Publication year - 1997
Publication title -
ecological applications
Language(s) - English
Resource type - Journals
SCImago Journal Rank - 1.864
H-Index - 213
eISSN - 1939-5582
pISSN - 1051-0761
DOI - 10.1890/1051-0761(1997)007[1117:pteeoh]2.0.co;2
Subject(s) - atrazine , microcosm , bioassay , ecosystem , biomass (ecology) , ecotoxicology , aquatic ecosystem , environmental science , mesocosm , ecology , biology , environmental chemistry , pesticide , chemistry
One purpose of the science of ecotoxicology is to provide information for protecting ecosystems. Understanding the hazards of chemicals is essential to wise decision making, and it is now clear that community structure changes are closely linked to altered ecosystem function. Uncertainty is high when decisions are made from a small biological (toxicological) database. Individual bioassays provide little insight into biological interactions that are important in sustaining ecosystems. Artificial ecosystem experiments with herbicides demonstrate the limited predictive power of bioassays and ecological risk assessment methods that are heavily dependent on animal testing. Many herbicides interfere with unique pathways in photosynthetic organisms but are not very toxic to animals. For example, the herbicide atrazine is not considered toxic to fishes, because atrazine interferes with electron transport in photosystem II. But, adding atrazine at low levels (3–100 μg/L) to aquatic microcosms demonstrated significant increases in algal biomass, concurrent enhancement of nutrient recovery systems, and increases in the detectable number of heterotrophic microbial species. Higher levels of atrazine (100–300 μg/L) produced general collapse of these laboratory ecosystems. Low levels of atrazine capable of producing ecosystem‐level effects can occur from days to weeks in streams of midwestern agricultural areas. Conversely, the herbicide diquat is rapidly immobilized in the field if fine sediments are present. Laboratory bioassays tend to overestimate diquat toxicity if sediments are not present because the material rarely persists in the water column.
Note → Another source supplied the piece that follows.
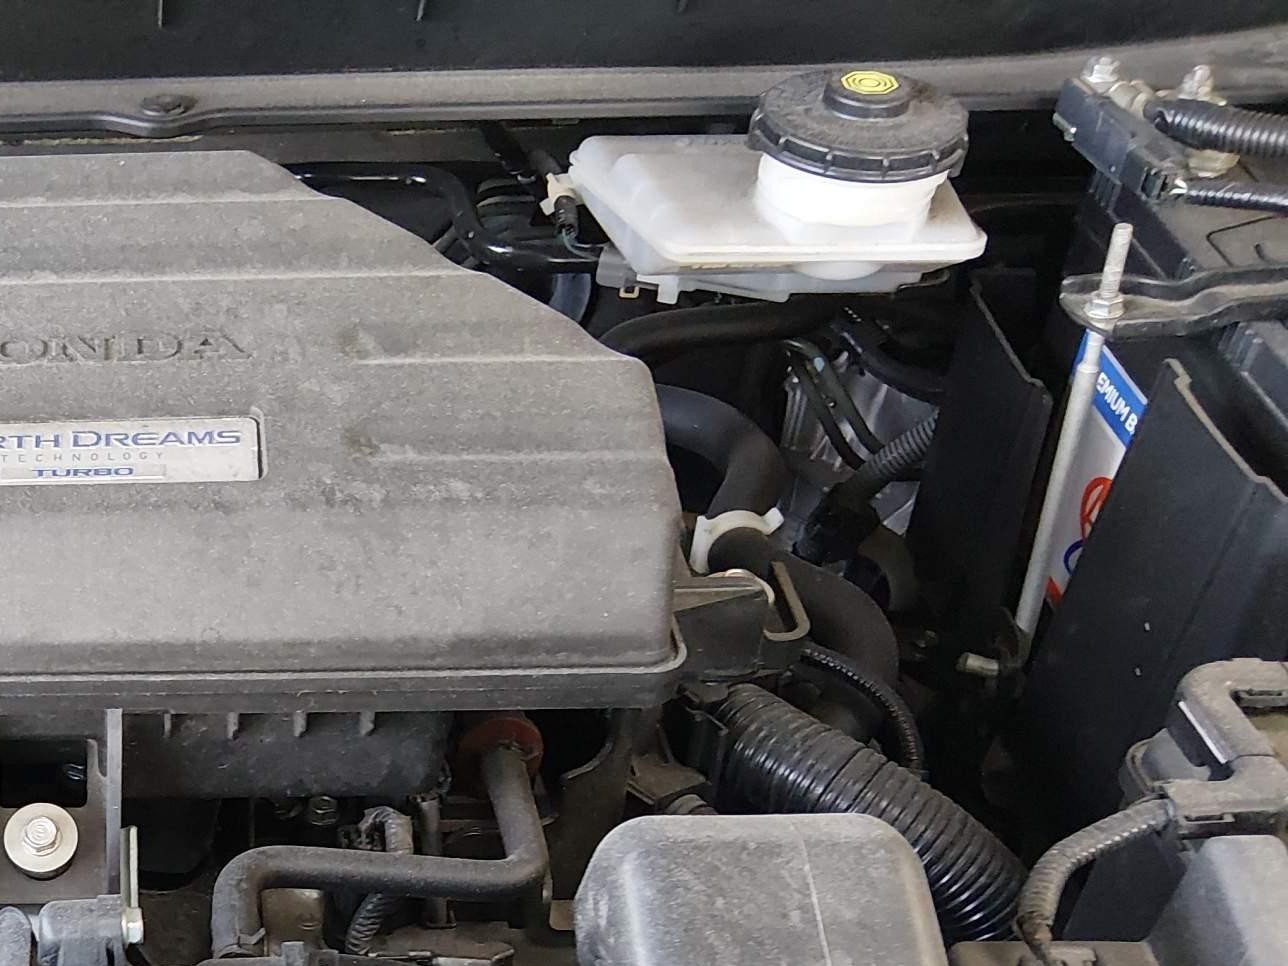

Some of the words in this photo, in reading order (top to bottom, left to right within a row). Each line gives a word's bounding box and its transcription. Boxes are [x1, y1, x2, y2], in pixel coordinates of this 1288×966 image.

[1096, 371, 1131, 422] EMIUM
[0, 452, 165, 464] TECHNOLOGY
[32, 467, 134, 477] TURBO
A variety of measures of ecosystem condition are available for assessment of chemical effects. Community structure changes (especially of nontarget groups) and changes in ecosystem process variables have technical importance and are not assessed in current risk assessment paradigms. Regulators need to draw on a more comprehensive data set than is presently used to make risk assessment decisions. Sometimes, this may require using methods other than those considered standard for data development.